The Effect of Thermal Treatment on the Morphology and Charge Carrier Dynamics in a Polythiophene-Fullerene Bulk Heterojunction

The influence of various thermal treatment steps on the morphology and the photoconductive properties of a non‐contacted, 50 nm thick blend (50:50 wt.‐%) of [6,6]‐phenyl C61‐butyric acid methyl ester (PCBM) and poly(3‐hexyl thiophene) (P3HT) spin‐coated from chloroform has been studied using transmission electron microscopy (TEM) and the electrodeless time‐resolved microwave conductivity technique. After annealing the film for 5 min at 80 °C, TEM images show the formation of crystalline fibrils of P3HT due to a more ordered packing of the polymer chains. The thermal treatment results in a large increase of the photoconductivity, due to an enhancement of the hole mobility in these crystalline P3HT domains from 0.0056 cm2 V–1 s –1 for the non‐annealed sample to 0.044 cm2 V–1 s –1 for the sample annealed at 80 °C. In contrast, the temporal shape of the photoconductivity, with typical decay half‐times, τ1/2, of 1 μs for the lowest excitation intensities, is unaffected by the temperature treatment.

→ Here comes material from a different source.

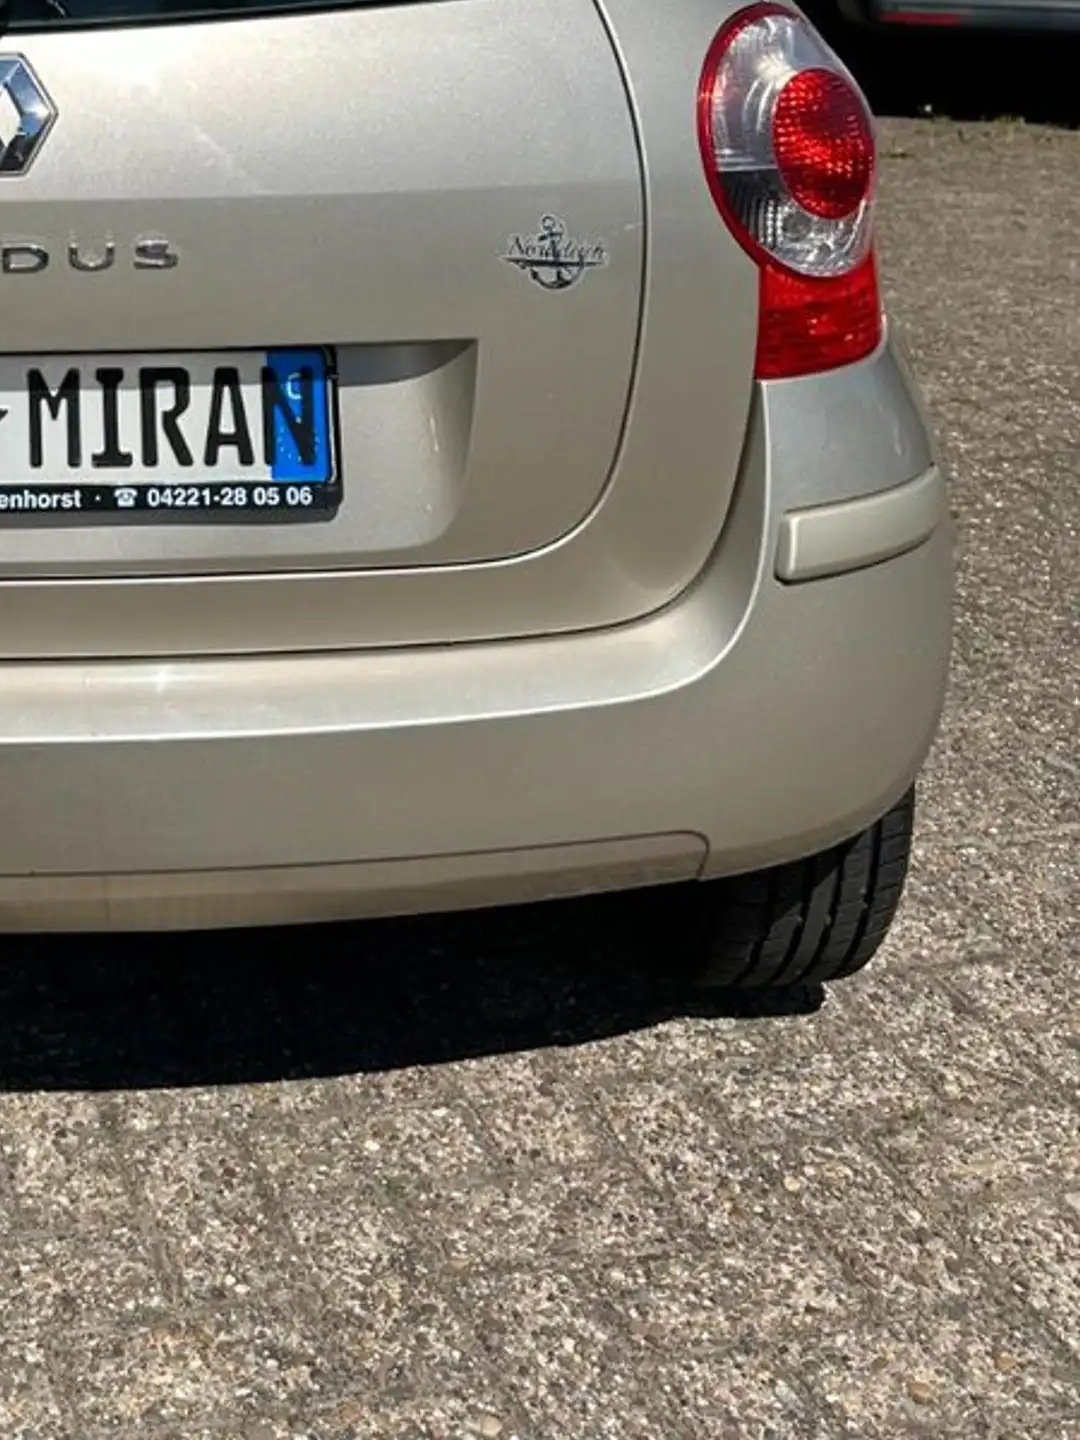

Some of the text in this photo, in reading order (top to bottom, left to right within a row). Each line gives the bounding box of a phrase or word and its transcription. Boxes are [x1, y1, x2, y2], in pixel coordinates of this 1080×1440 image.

[27, 364, 317, 468] MIRAN
[146, 486, 248, 507] 04221-28
[253, 486, 280, 506] 05
[285, 485, 313, 506] 06

Further annealing of the sample at 130 °C results in the formation of three different substructures within the heterojunction: a PCBM:P3HT blend with PCBM‐rich clusters, a region depleted of PCBM, and large PCBM single crystals. Only a minor increase in the amplitude, but a tenfold rise of the decay time of the photoconductivity, is observed. This is explained by the formation of PCBM‐rich clusters and large PCBM single crystals, resulting in an increased diffusional escape probability for mobile charge carriers and hence reduced recombination. Annealing a blend of a C60 derivative ester, PCBM, and a polythiophene, P3HT, at 80 °C results in the formation of crystalline fibrils of P3HT (see Figure, top). The hole mobility in these P3HT fibrils increases from 0.0056 to 0.044 cm2 V–1 s–1 after annealing. Further annealing at 130 °C results in the formation of large domains of PCBM (dark areas in bottom Figure).